The early Pilgrims, Puritans, and Scottish Presbyterians are widely reported to have brought the Geneva Bible to America for their personal reading. (The King James Bible, first published in 1611, did not become the consensus bible until nearly a century later.)
The Washington D.C. Capitol Rotunda gives an illustrated example for the Pilgrims as shown here:
The Embarkation of the Pilgrims painting was commissioned in 1836 by the US Gov’t for the Capitol Rotunda. (Note the open Geneva Bible in the hands of John Robinson.)There are a number of references saying that John Adams and Benjamin Franklin read the Geneva Bible. Apparently, Franklin was sufficiently impressed with the illustration on the frontispiece of the Geneva Bible to use it as the theme for his proposal of the First Great Seal.
Geneva Bible Frontispiece is shown here:
In contrast to the restrained message of Exodus 14:14, the motto on Franklin’s Great Seal went one step further by inscribing it with "Rebellion to Tyrants is Obedience to God."

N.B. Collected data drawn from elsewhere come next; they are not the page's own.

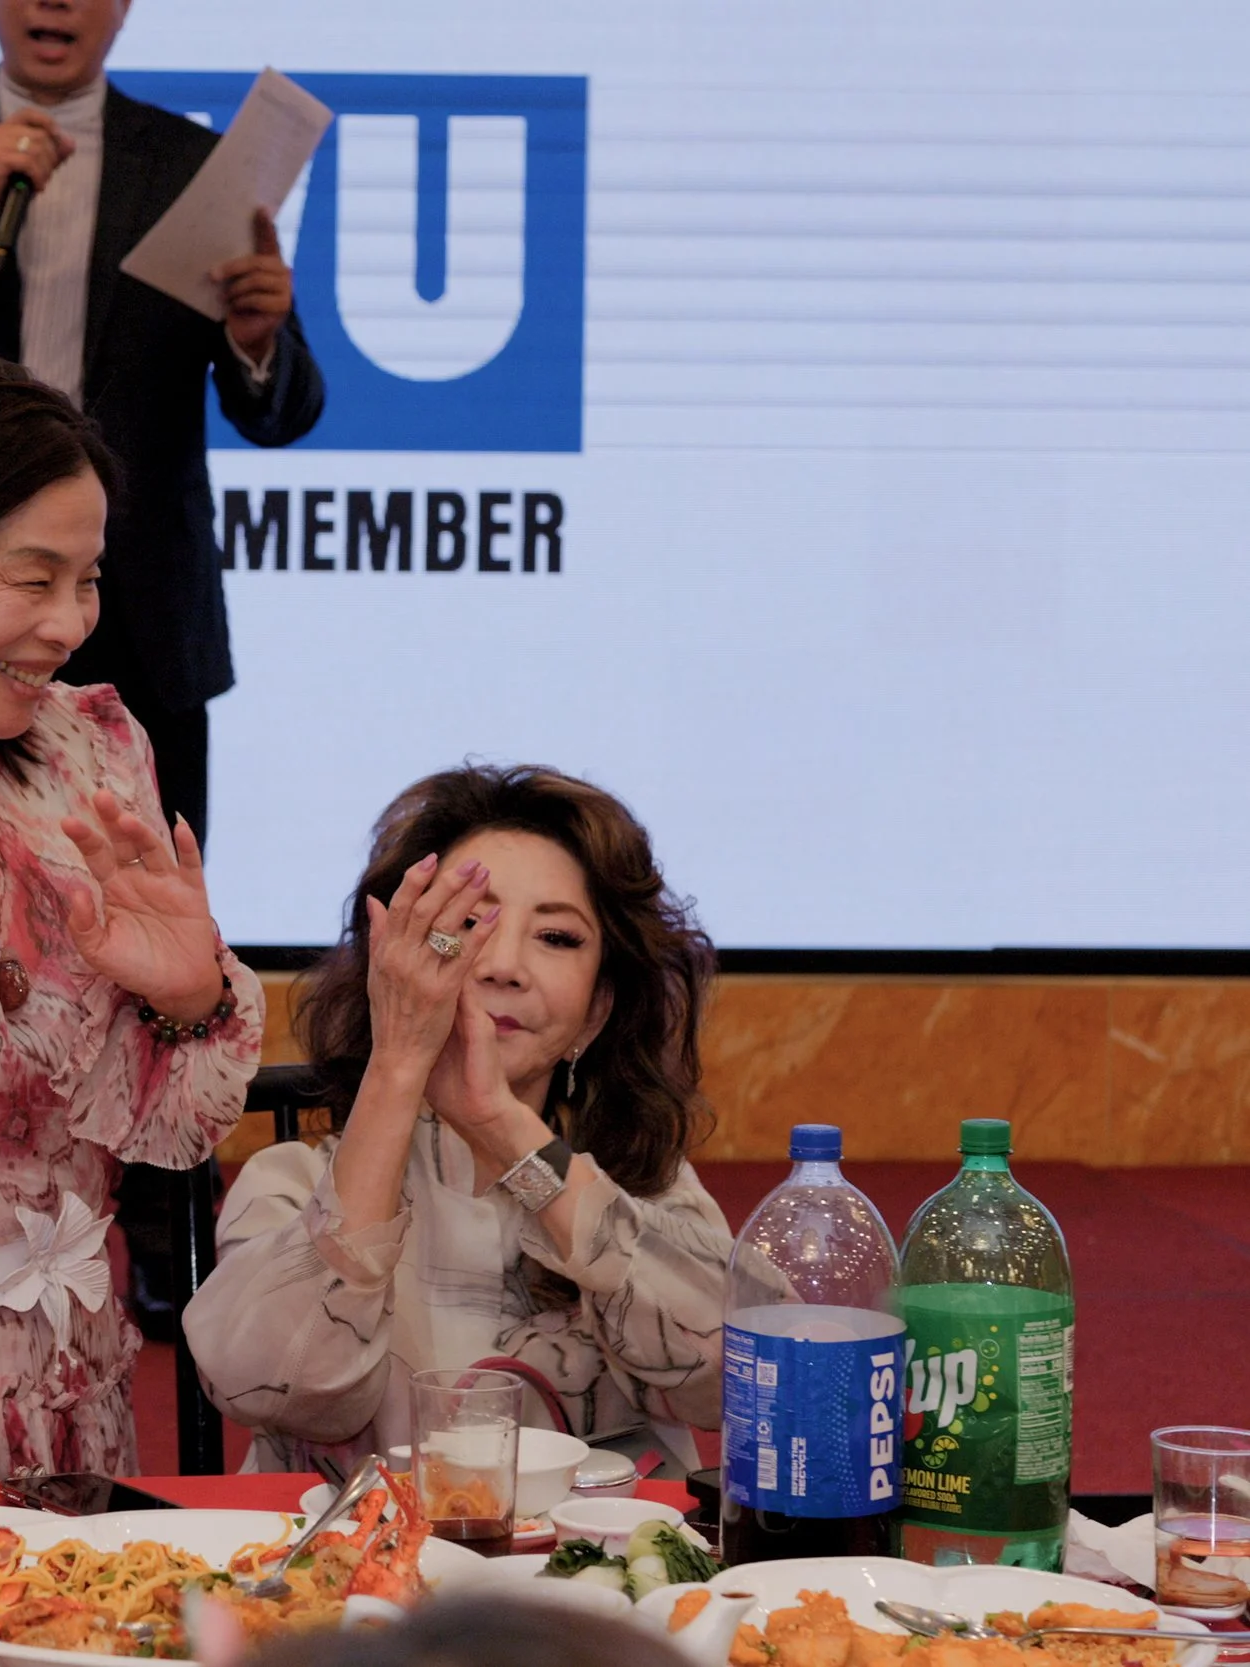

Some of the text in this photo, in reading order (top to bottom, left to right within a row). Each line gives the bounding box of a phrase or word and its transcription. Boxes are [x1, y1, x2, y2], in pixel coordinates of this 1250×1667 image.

[290, 113, 527, 382] U
[221, 490, 564, 573] MEMBER
[869, 1351, 895, 1501] PEPSI
[798, 1437, 806, 1497] RECYCLE
[936, 1491, 957, 1503] SODA
[937, 1472, 971, 1494] LIME

The King James Bible was not meant to endorse Franklin’s chosen motto. Quite to the contrary, the underlying purpose for publishing the KJB was to supplant the Geneva Bible, and reinforce the edict that the divine right of kings as being sacrosanct. Just consider, for example, the King James Bible "translation" eliminated every occurrence of the words, “tyrant” and “tyranny,” whereas the Geneva Bible has 400 occurrences for both tyrant and tyranny.